What the task asks: Print the data below exactly as it appears.

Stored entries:
----------------------------------------
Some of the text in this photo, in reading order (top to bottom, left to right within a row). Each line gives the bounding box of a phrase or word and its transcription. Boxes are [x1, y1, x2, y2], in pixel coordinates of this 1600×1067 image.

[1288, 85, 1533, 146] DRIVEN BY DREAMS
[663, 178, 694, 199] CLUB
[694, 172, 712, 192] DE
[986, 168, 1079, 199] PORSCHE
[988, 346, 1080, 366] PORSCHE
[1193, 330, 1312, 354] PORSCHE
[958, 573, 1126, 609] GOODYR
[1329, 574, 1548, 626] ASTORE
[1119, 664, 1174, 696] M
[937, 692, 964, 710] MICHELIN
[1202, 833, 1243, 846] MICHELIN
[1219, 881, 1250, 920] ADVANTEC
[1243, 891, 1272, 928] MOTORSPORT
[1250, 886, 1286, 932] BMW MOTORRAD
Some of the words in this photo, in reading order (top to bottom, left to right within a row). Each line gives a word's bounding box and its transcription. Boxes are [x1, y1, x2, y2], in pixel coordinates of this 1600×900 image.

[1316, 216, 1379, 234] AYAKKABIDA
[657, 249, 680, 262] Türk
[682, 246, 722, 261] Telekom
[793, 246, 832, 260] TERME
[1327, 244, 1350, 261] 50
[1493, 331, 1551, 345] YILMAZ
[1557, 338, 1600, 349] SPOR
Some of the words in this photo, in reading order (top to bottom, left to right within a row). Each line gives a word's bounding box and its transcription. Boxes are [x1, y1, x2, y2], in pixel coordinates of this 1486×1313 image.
----------------------------------------
Solution below:
Some of the text in this photo, in reading order (top to bottom, left to right within a row). Each line gives the bounding box of a phrase or word and its transcription. Boxes are [x1, y1, x2, y2], in pixel coordinates of this 1600×1067 image.

[1288, 85, 1533, 146] DRIVEN BY DREAMS
[663, 178, 694, 199] CLUB
[694, 172, 712, 192] DE
[986, 168, 1079, 199] PORSCHE
[988, 346, 1080, 366] PORSCHE
[1193, 330, 1312, 354] PORSCHE
[958, 573, 1126, 609] GOODYR
[1329, 574, 1548, 626] ASTORE
[1119, 664, 1174, 696] M
[937, 692, 964, 710] MICHELIN
[1202, 833, 1243, 846] MICHELIN
[1219, 881, 1250, 920] ADVANTEC
[1243, 891, 1272, 928] MOTORSPORT
[1250, 886, 1286, 932] BMW MOTORRAD
Some of the words in this photo, in reading order (top to bottom, left to right within a row). Each line gives a word's bounding box and its transcription. Boxes are [x1, y1, x2, y2], in pixel coordinates of this 1600×900 image.

[1316, 216, 1379, 234] AYAKKABIDA
[657, 249, 680, 262] Türk
[682, 246, 722, 261] Telekom
[793, 246, 832, 260] TERME
[1327, 244, 1350, 261] 50
[1493, 331, 1551, 345] YILMAZ
[1557, 338, 1600, 349] SPOR
Some of the words in this photo, in reading order (top to bottom, left to right within a row). Each line gives a word's bounding box and its transcription. Boxes are [x1, y1, x2, y2], in pixel coordinates of this 1486×1313 image.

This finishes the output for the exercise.